**WORK REQUIRED**
The entries are to be output word for word, with the pictures omitted.

**DATA FOR THIS TASK**

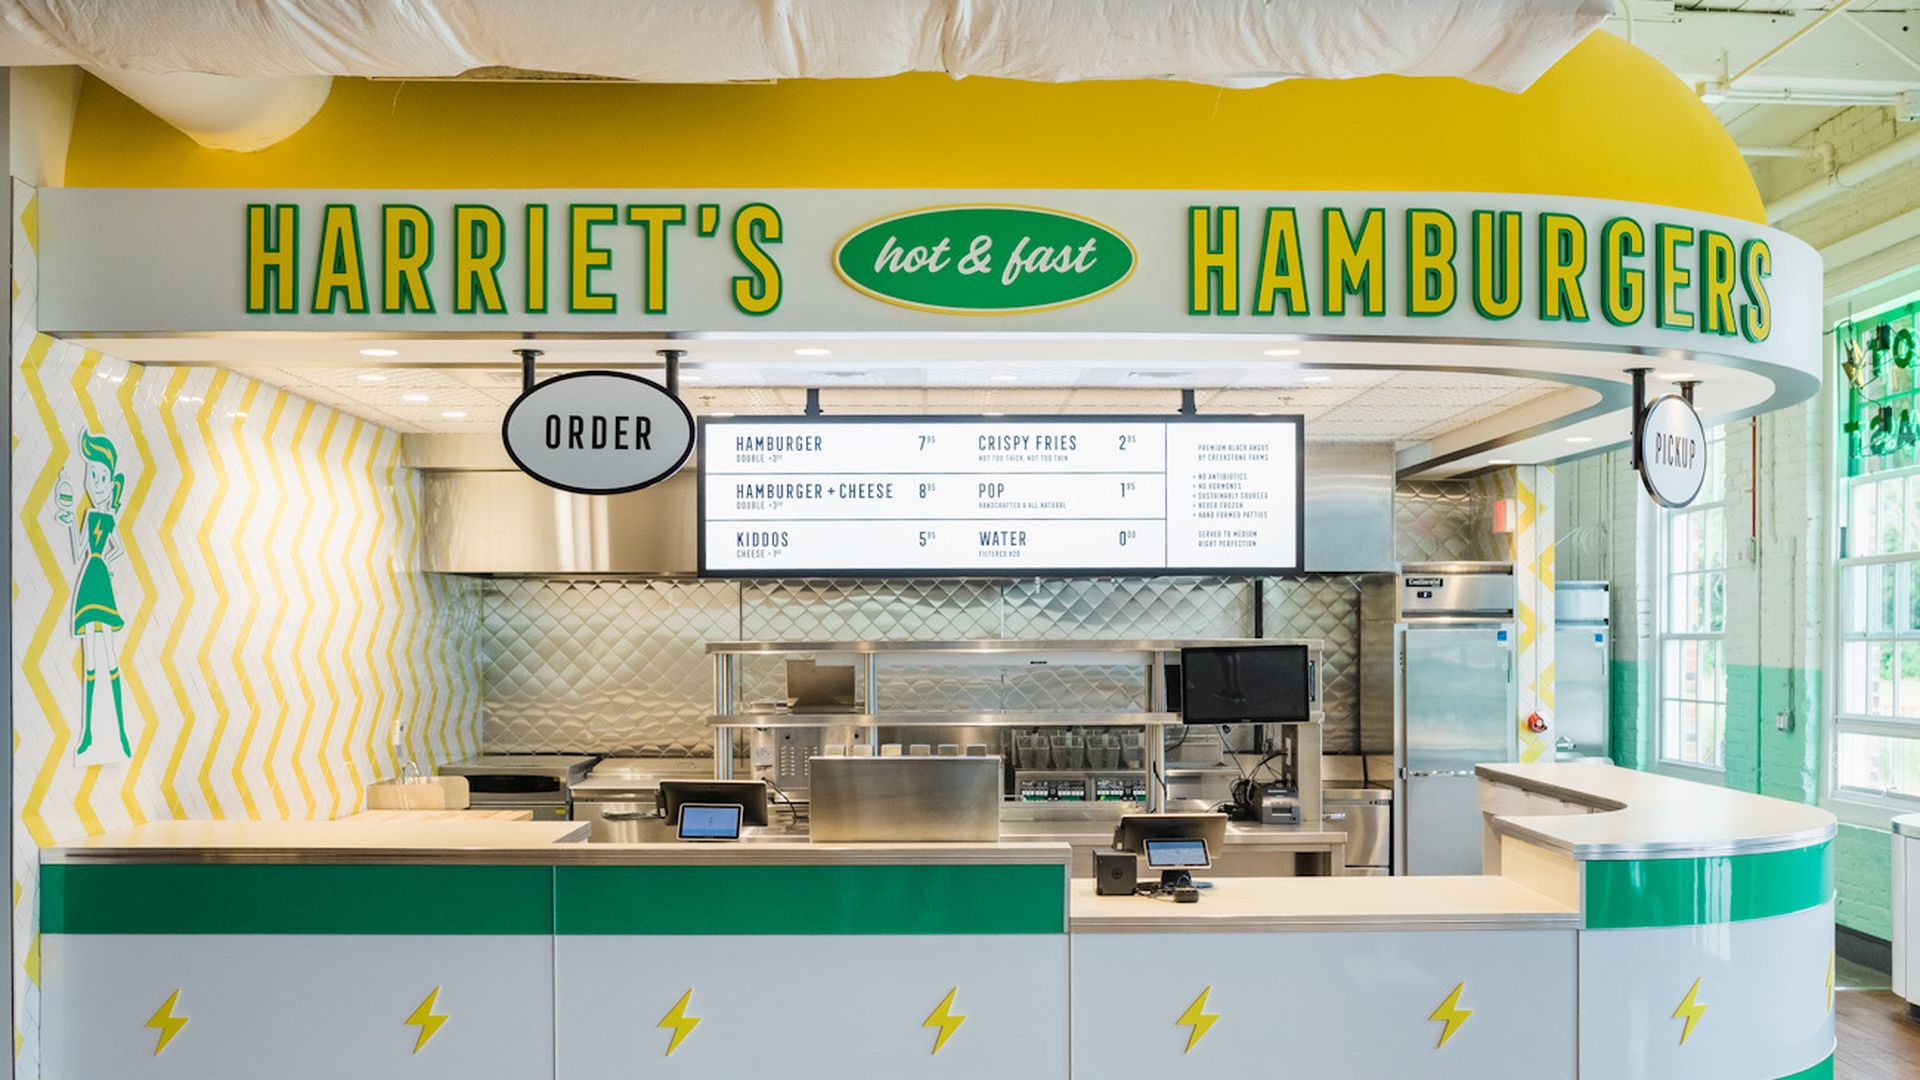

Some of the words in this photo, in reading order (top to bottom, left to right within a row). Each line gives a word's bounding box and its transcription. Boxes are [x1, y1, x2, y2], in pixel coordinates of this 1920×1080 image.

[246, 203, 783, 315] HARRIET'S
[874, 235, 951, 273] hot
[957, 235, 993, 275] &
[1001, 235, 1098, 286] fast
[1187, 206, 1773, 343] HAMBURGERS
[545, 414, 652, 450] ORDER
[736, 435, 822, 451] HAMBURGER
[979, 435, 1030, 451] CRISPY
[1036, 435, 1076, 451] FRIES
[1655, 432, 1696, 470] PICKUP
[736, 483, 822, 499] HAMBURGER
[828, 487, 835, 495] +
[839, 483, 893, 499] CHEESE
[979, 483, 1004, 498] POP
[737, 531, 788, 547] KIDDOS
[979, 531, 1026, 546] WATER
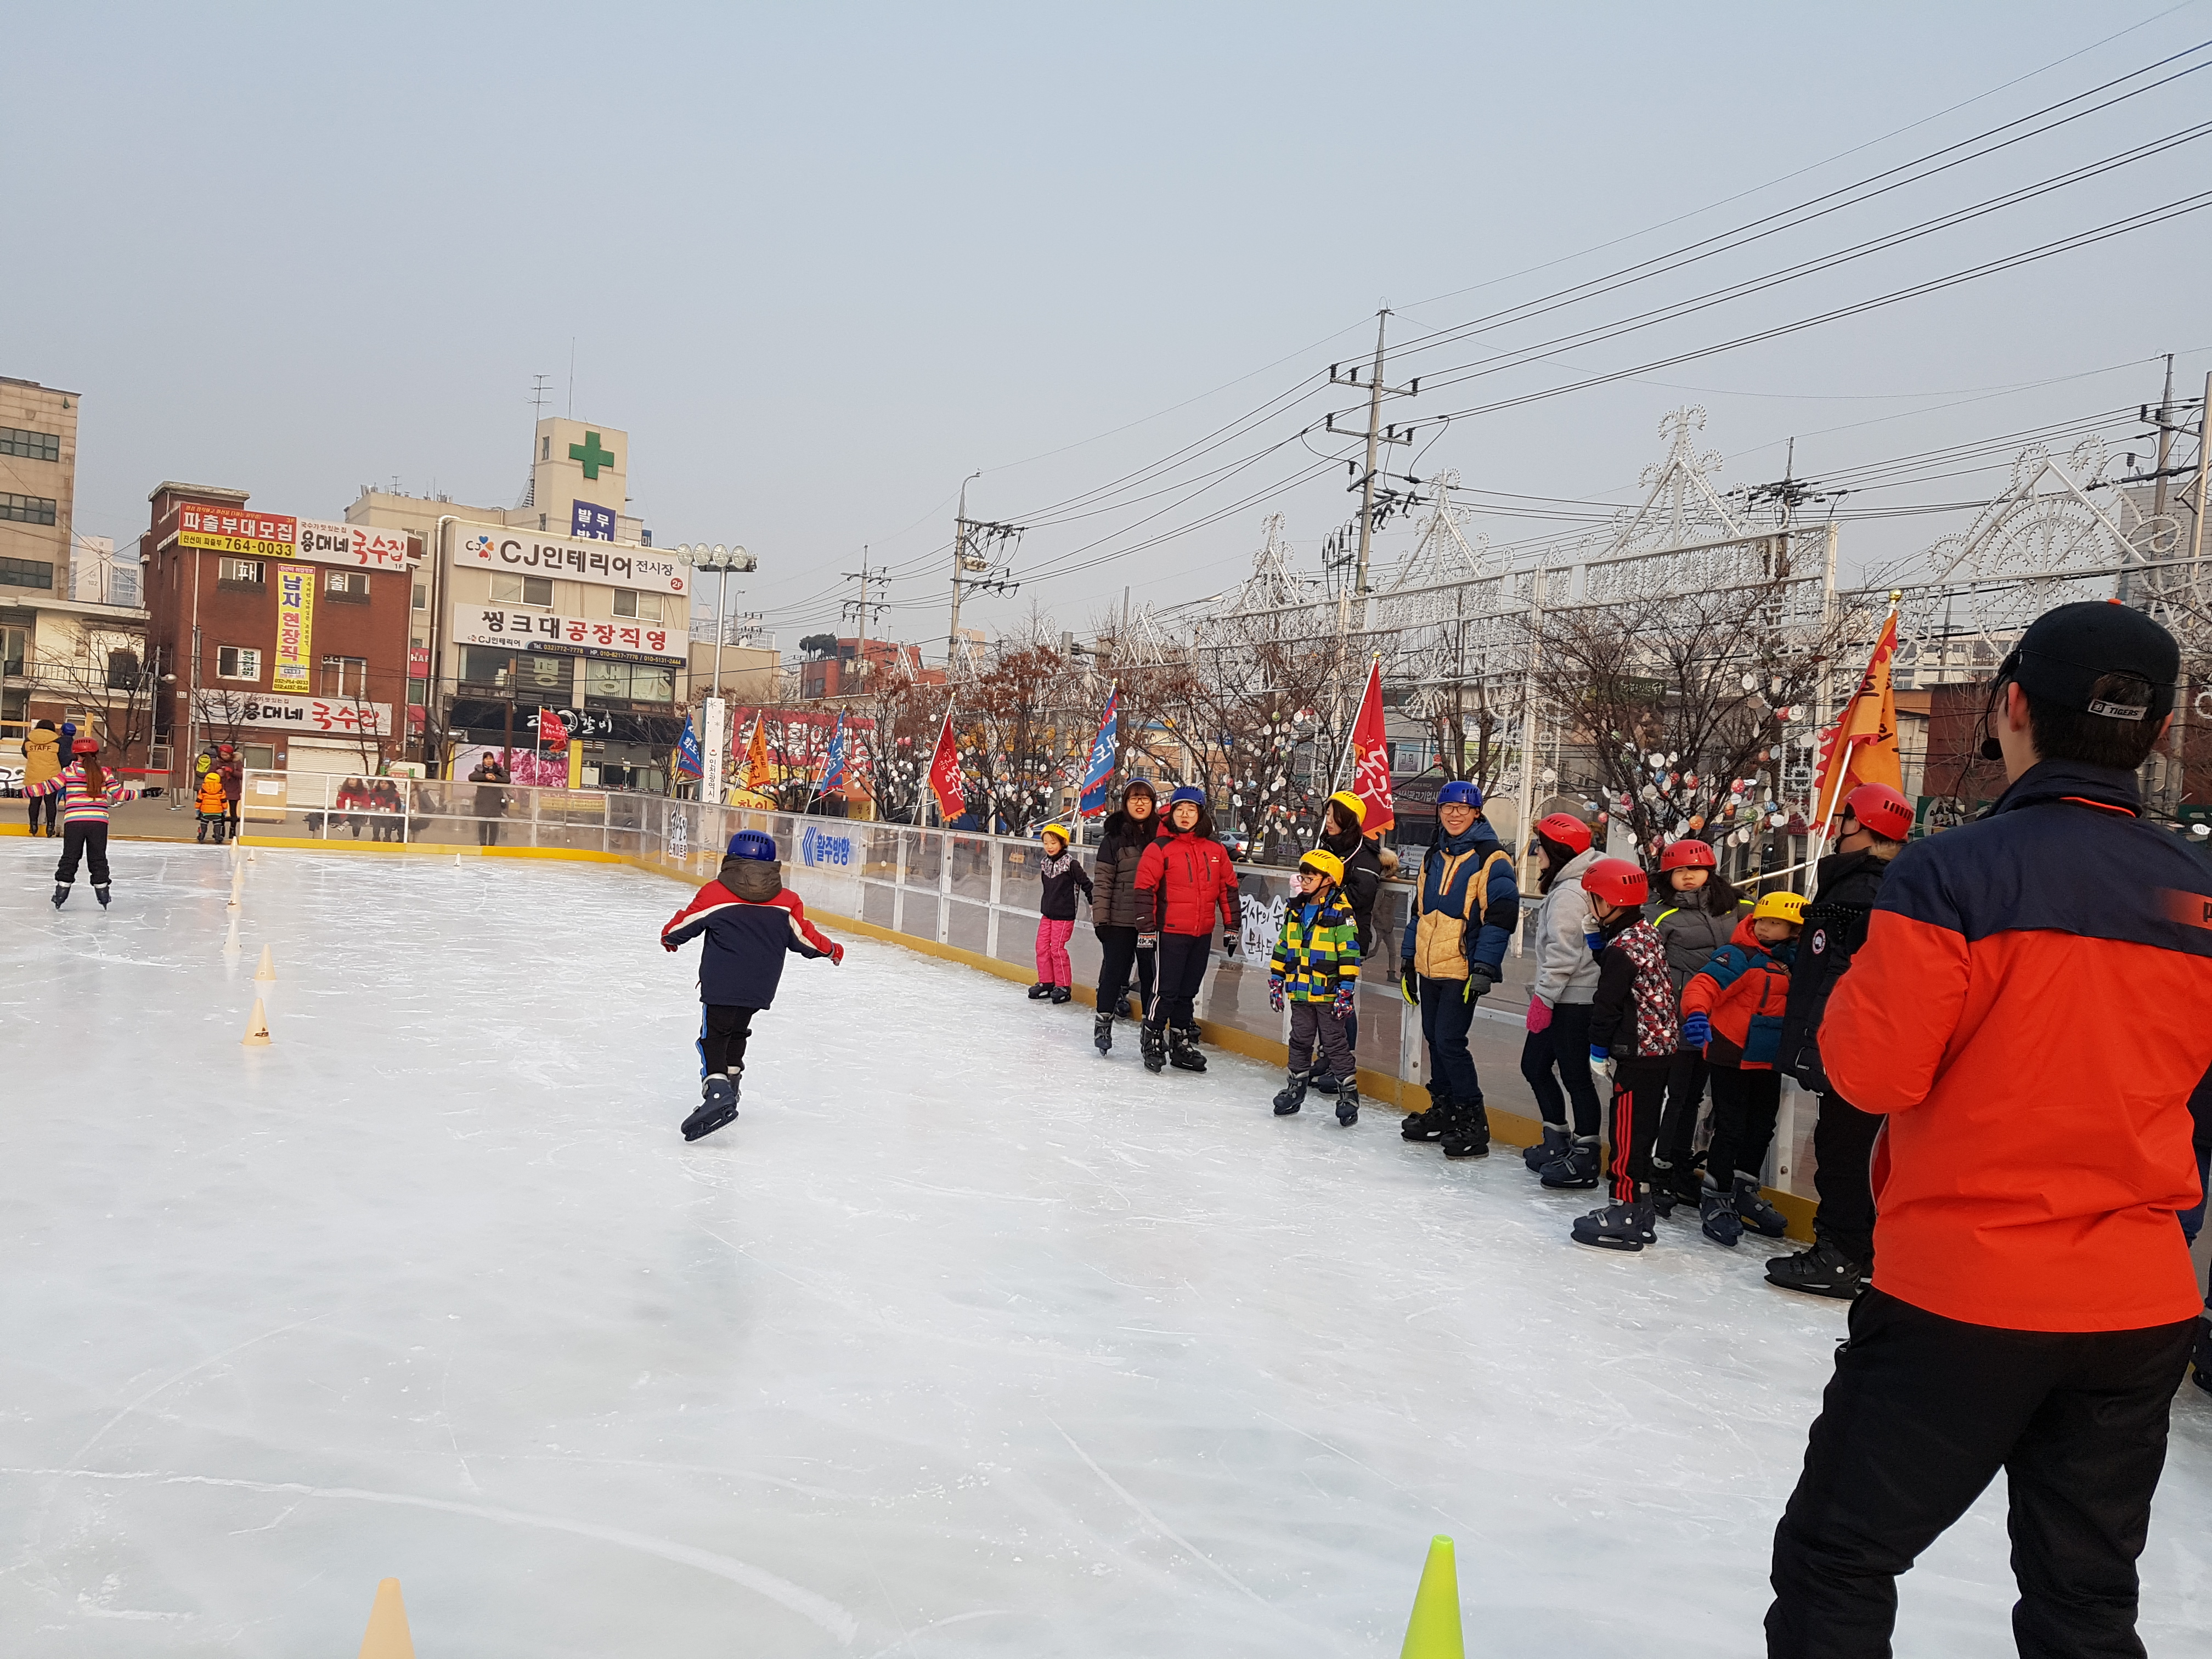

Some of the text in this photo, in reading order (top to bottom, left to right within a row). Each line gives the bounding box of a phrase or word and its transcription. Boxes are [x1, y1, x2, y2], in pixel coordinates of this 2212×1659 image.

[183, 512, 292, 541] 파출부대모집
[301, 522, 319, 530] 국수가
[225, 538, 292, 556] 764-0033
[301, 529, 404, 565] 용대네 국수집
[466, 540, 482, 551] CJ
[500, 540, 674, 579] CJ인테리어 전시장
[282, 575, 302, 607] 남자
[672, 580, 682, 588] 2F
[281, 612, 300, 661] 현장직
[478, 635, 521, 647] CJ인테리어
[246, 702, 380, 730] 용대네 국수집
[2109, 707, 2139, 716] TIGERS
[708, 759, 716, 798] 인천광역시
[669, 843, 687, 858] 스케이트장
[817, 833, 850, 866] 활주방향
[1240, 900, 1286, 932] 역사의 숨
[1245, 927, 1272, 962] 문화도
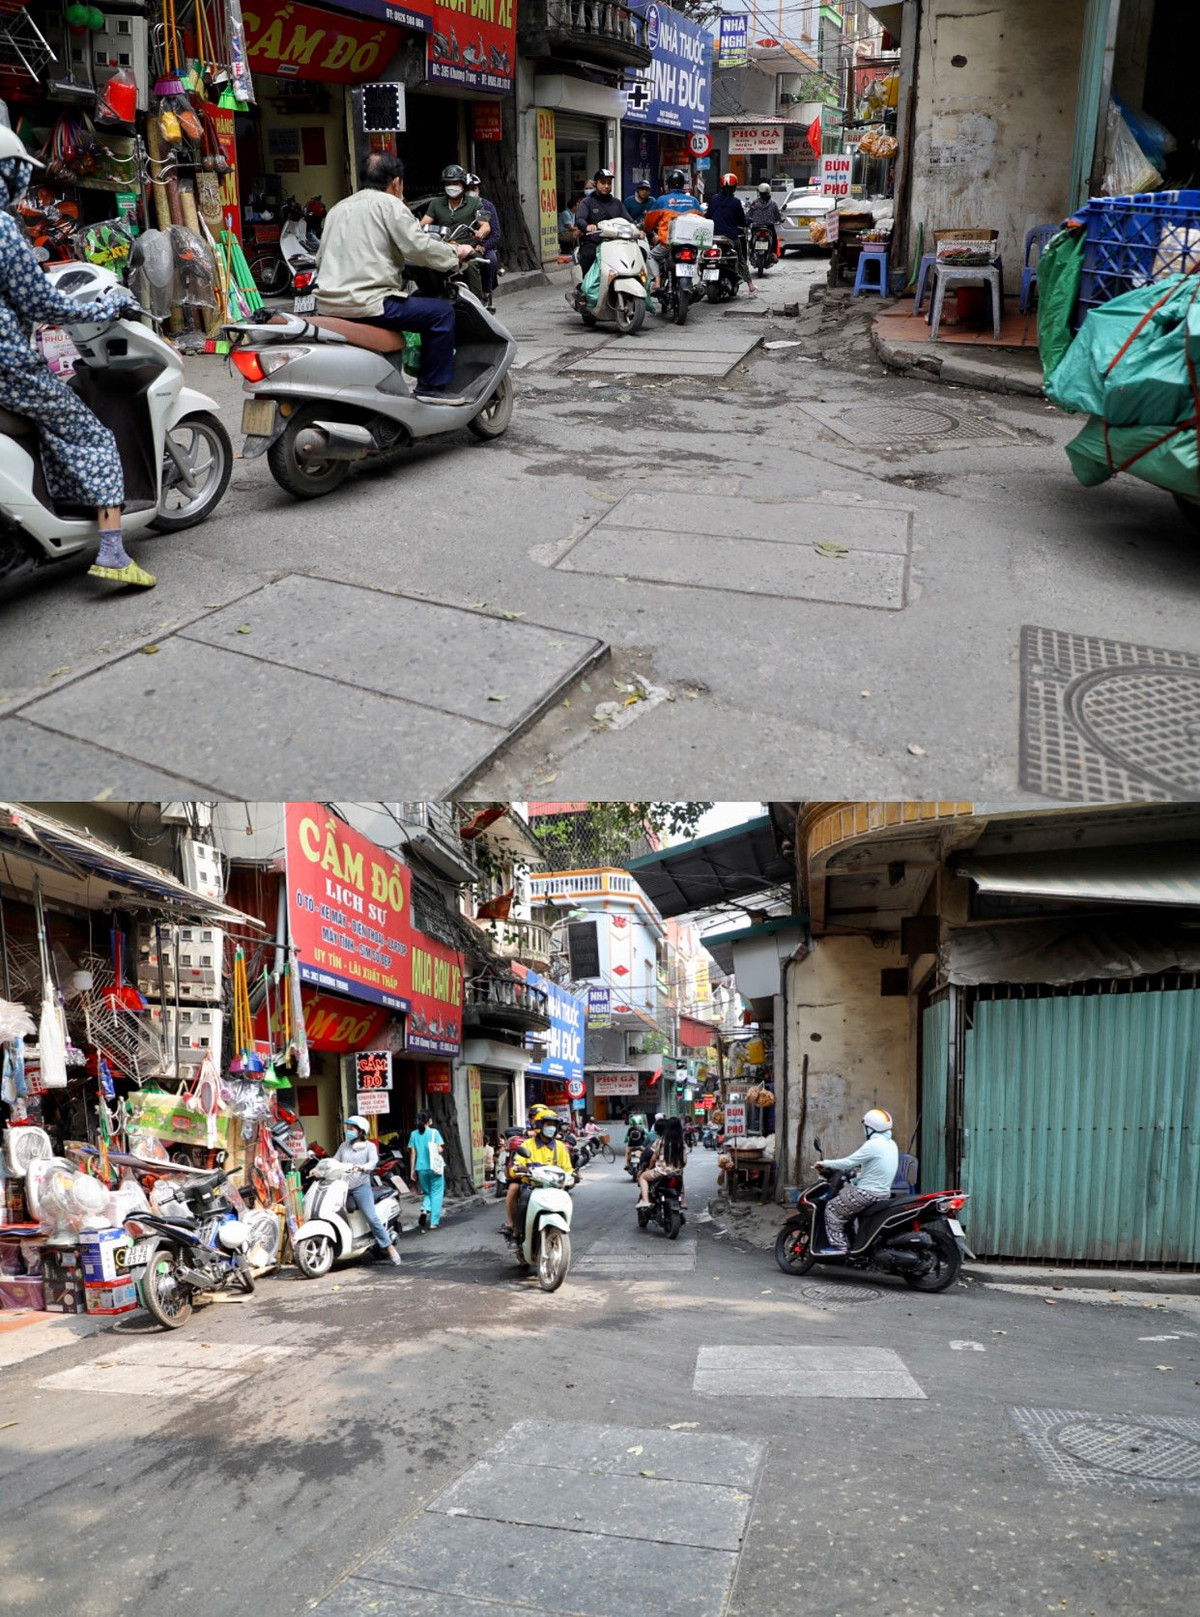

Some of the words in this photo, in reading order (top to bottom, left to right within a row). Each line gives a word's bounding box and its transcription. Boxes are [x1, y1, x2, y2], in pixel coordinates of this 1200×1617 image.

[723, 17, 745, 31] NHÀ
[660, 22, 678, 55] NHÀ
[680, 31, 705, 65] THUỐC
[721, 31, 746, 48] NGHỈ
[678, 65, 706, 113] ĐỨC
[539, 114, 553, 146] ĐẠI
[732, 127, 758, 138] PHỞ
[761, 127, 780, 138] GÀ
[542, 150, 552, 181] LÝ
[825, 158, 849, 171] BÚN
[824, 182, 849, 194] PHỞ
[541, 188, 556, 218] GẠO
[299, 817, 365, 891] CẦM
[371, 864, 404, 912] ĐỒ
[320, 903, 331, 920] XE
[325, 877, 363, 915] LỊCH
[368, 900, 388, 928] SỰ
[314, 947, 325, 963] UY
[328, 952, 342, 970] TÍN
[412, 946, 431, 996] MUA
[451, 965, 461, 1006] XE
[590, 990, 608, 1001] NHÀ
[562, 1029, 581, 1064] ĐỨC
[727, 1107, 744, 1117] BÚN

**FINAL ANSWER**
Some of the words in this photo, in reading order (top to bottom, left to right within a row). Each line gives a word's bounding box and its transcription. Boxes are [x1, y1, x2, y2], in pixel coordinates of this 1920×1080 image.

[246, 203, 783, 315] HARRIET'S
[874, 235, 951, 273] hot
[957, 235, 993, 275] &
[1001, 235, 1098, 286] fast
[1187, 206, 1773, 343] HAMBURGERS
[545, 414, 652, 450] ORDER
[736, 435, 822, 451] HAMBURGER
[979, 435, 1030, 451] CRISPY
[1036, 435, 1076, 451] FRIES
[1655, 432, 1696, 470] PICKUP
[736, 483, 822, 499] HAMBURGER
[828, 487, 835, 495] +
[839, 483, 893, 499] CHEESE
[979, 483, 1004, 498] POP
[737, 531, 788, 547] KIDDOS
[979, 531, 1026, 546] WATER

Some of the text in this photo, in reading order (top to bottom, left to right within a row). Each line gives the bounding box of a phrase or word and its transcription. Boxes are [x1, y1, x2, y2], in pixel coordinates of this 2212×1659 image.

[183, 512, 292, 541] 파출부대모집
[301, 522, 319, 530] 국수가
[225, 538, 292, 556] 764-0033
[301, 529, 404, 565] 용대네 국수집
[466, 540, 482, 551] CJ
[500, 540, 674, 579] CJ인테리어 전시장
[282, 575, 302, 607] 남자
[672, 580, 682, 588] 2F
[281, 612, 300, 661] 현장직
[478, 635, 521, 647] CJ인테리어
[246, 702, 380, 730] 용대네 국수집
[2109, 707, 2139, 716] TIGERS
[708, 759, 716, 798] 인천광역시
[669, 843, 687, 858] 스케이트장
[817, 833, 850, 866] 활주방향
[1240, 900, 1286, 932] 역사의 숨
[1245, 927, 1272, 962] 문화도

Some of the words in this photo, in reading order (top to bottom, left to right within a row). Each line gives a word's bounding box and its transcription. Boxes are [x1, y1, x2, y2], in pixel coordinates of this 1200×1617 image.

[723, 17, 745, 31] NHÀ
[660, 22, 678, 55] NHÀ
[680, 31, 705, 65] THUỐC
[721, 31, 746, 48] NGHỈ
[678, 65, 706, 113] ĐỨC
[539, 114, 553, 146] ĐẠI
[732, 127, 758, 138] PHỞ
[761, 127, 780, 138] GÀ
[542, 150, 552, 181] LÝ
[825, 158, 849, 171] BÚN
[824, 182, 849, 194] PHỞ
[541, 188, 556, 218] GẠO
[299, 817, 365, 891] CẦM
[371, 864, 404, 912] ĐỒ
[320, 903, 331, 920] XE
[325, 877, 363, 915] LỊCH
[368, 900, 388, 928] SỰ
[314, 947, 325, 963] UY
[328, 952, 342, 970] TÍN
[412, 946, 431, 996] MUA
[451, 965, 461, 1006] XE
[590, 990, 608, 1001] NHÀ
[562, 1029, 581, 1064] ĐỨC
[727, 1107, 744, 1117] BÚN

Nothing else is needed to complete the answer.